Santa Fe New Mexican

PNM trims rate-hike request

Utility says corporate tax cut allows bump to decrease from 9% to 2%; PRC reverses decision on imprudence of coal plant expenditur­es

- By Steve Terrell

Customers of Public Service Company of New Mexico, the state’s largest electric utility, might see an increase of only 2 percent in their bills instead of the 9 percent hike originally approved by the state Public Regulation Commission.

The commission on Wednesday voted 3-2 to amend an agreement that PNM hammered out last year with several organizati­ons that intervened in the rate case.

PNM lawyer Rick Alvidrez said a smaller bump in electric rates is feasible because of the reduced corporate tax rate in a bill drafted by Republican­s in Congress and signed into law last month by President Donald Trump.

But for the new plan to go into effect, PNM and the other intervener­s that signed the stipulated agreement last year will have to agree with the order approved Wednesday.

Although the commission appeared to do what PNM and other parties involved in the case wanted, Alvidrez wouldn’t say whether his company would agree to the proposed order. “I’ll have to read the order,” he told a reporter after the vote.

In accepting the new rate plan, the commission reversed its decision last month against

allowing PNM to make customers pick up the tab for tens of millions of dollars the company is spending to upgrade a coal-fired power plant in northweste­rn New Mexico. The commission’s earlier action had followed the advice of two hearing examiners who recommende­d against allowing PNM to use revenue from higher rates to recoup money spent on the coal plant because ratepayers shouldn’t pay for an investment that was not prudent.

Commission­ers Valerie Espinoza, D-Santa Fe, and Cynthia Hall, D-Albuquerqu­e, argued that the commission could institute the lower electric rate increase without rescinding the earlier decision about the imprudence of the coal plant expenditur­es.

Others, however, argued that approving a new order was the best way to instantly impose the lower rate increase.
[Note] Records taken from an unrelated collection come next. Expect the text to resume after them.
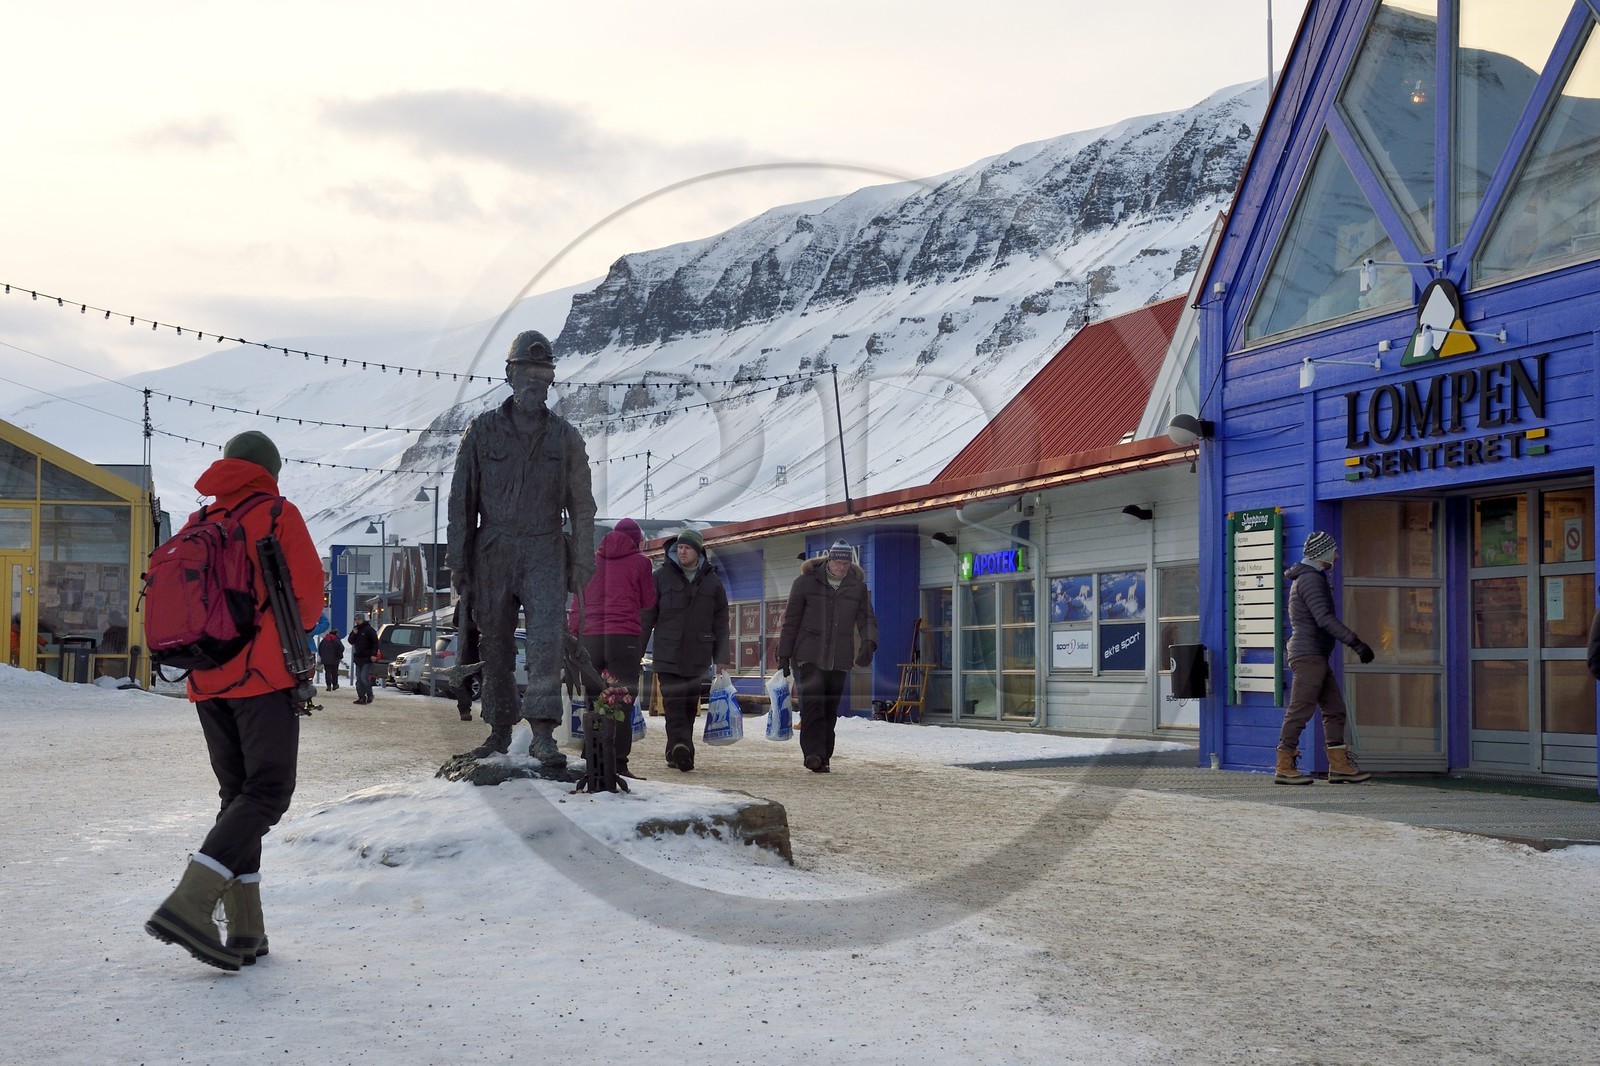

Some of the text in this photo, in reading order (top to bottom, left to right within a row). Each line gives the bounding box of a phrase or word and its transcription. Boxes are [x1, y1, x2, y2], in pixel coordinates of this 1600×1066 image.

[1344, 353, 1549, 450] LOMPEN
[1363, 432, 1526, 479] SENTERET
[1241, 512, 1269, 528] Shopping
[973, 548, 1025, 576] APOTEK 1
[1056, 643, 1070, 652] sport
[1104, 631, 1140, 659] ekte sport
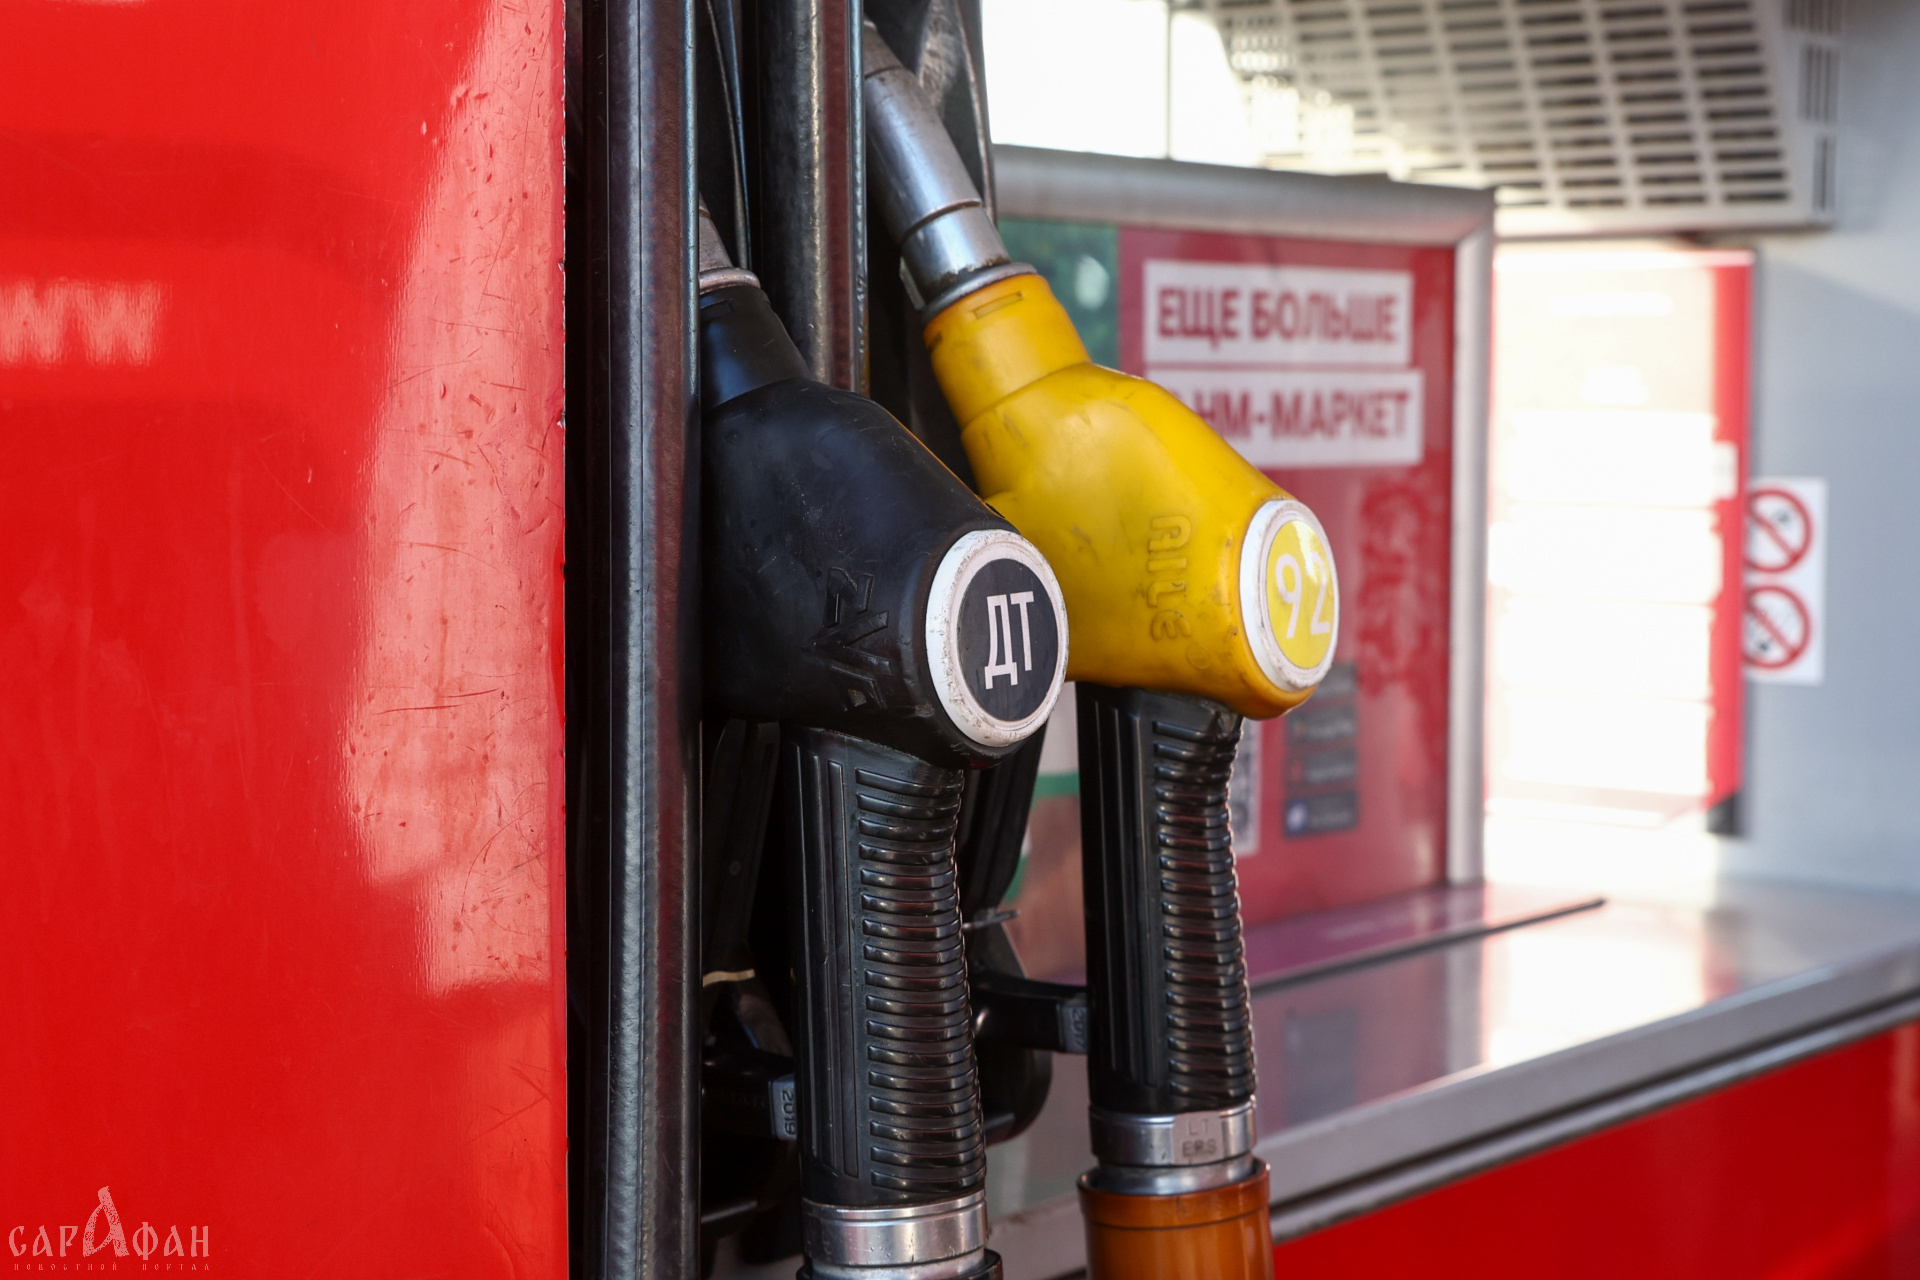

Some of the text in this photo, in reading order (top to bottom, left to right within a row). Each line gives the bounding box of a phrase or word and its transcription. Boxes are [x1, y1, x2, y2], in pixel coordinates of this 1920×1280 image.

[1157, 285, 1397, 351] ЕЩЕ БОЛЬШЕ
[1274, 550, 1331, 640] 92
[984, 590, 1035, 690] ДТ
[781, 1089, 796, 1136] 2019
Commission­ers Patrick Lyons, R-Cuervo, Sandy Jones, D-Williamsbu­rg, and Lynda Lovejoy, D-Crownpoint, voted in favor of the new plan.

Because of the new federal tax rates that will go into effect next year, PNM would be able to pass savings on to customers.

Alvidrez spoke about the impact of new tax law on how much revenue the investorow­ned utility needs to generate in order to reach its proposed return on investment. “The revenue requiremen­ts would only be $13.8 million per year rather than the $62.3 million required by the revised stipulatio­n,” he told the regulators. This, he said, would amount to a rate increase of about 2 percentage points — about 1 percent this year followed by another 1 percent next year.

Mariel Nanasi, executive director of New Energy Economy, a clean-energy advocacy group opposed to PNM’s rate request, argued that the commission shouldn’t consider the new numbers provided by the company because they have not yet been vetted.

However, other lawyers representi­ng intervener­s, including the state Attorney General’s Office, New Mexico Industrial Energy Consumers, the Bernalillo County Water Utility Authority and the environmen­tal group Western Resources Advocates, spoke in favor of the new proposal.

Joseph Yar, representi­ng New Mexico Attorney General Hector Balderas, said the commission should accept the new proposal, noting that it would eliminate about 85 percent of PNM’s original rate request, which called for an increase of about 14 percent for residentia­l accounts.

Steve Michel of Western Resources Advocates said his group did not support the rationale PNM provided in the rate hearing but, like other parties, “We agreed that this was the right outcome in this case. … While labeling PNM ‘imprudent’ might be attractive for some in this rate case, it would do nothing for customers,” Michel said. He said those who signed onto the agreement last year obtained “significan­t concession­s” from PNM.

But Nanasi argued that the imprudence issue was the most important thing in the rate case and that the commission “abdicated their number one responsibi­lity.”

“If this case doesn’t prove imprudence no case ever will,” she said in a written statement after the commission’s vote. “PNM did no valid financial analysis before investing nearly $1 billion in the 50-year old nonperform­ing Four Corners coal plant. The PRC over-ruled not one but two hearing examiners and their own prior determinat­ion of PNM imprudence. Based on NO new evidence Lyons and Jones reversed course and removed mention of the ‘imprudence’ finding. Despite their absolute duty to only raise rates if the Commission determines prudence they avoided the issue.”